:: EXERCISE BRIEF ::
Give back the full data, unchanged and complete.

Phrase grounding data:
::::::::::
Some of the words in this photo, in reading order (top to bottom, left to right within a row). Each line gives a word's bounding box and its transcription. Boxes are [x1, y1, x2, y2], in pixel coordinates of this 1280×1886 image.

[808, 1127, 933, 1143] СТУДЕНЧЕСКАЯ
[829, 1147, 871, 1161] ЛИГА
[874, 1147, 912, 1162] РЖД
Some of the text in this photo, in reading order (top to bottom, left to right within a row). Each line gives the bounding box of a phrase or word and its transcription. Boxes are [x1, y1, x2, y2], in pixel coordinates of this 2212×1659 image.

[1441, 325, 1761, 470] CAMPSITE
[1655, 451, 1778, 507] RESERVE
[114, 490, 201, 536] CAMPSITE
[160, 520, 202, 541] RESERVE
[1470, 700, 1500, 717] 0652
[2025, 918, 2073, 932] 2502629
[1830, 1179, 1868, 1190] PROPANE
::::::::::
:: ANSWER SPACE ::
Some of the words in this photo, in reading order (top to bottom, left to right within a row). Each line gives a word's bounding box and its transcription. Boxes are [x1, y1, x2, y2], in pixel coordinates of this 1280×1886 image.

[808, 1127, 933, 1143] СТУДЕНЧЕСКАЯ
[829, 1147, 871, 1161] ЛИГА
[874, 1147, 912, 1162] РЖД
Some of the text in this photo, in reading order (top to bottom, left to right within a row). Each line gives the bounding box of a phrase or word and its transcription. Boxes are [x1, y1, x2, y2], in pixel coordinates of this 2212×1659 image.

[1441, 325, 1761, 470] CAMPSITE
[1655, 451, 1778, 507] RESERVE
[114, 490, 201, 536] CAMPSITE
[160, 520, 202, 541] RESERVE
[1470, 700, 1500, 717] 0652
[2025, 918, 2073, 932] 2502629
[1830, 1179, 1868, 1190] PROPANE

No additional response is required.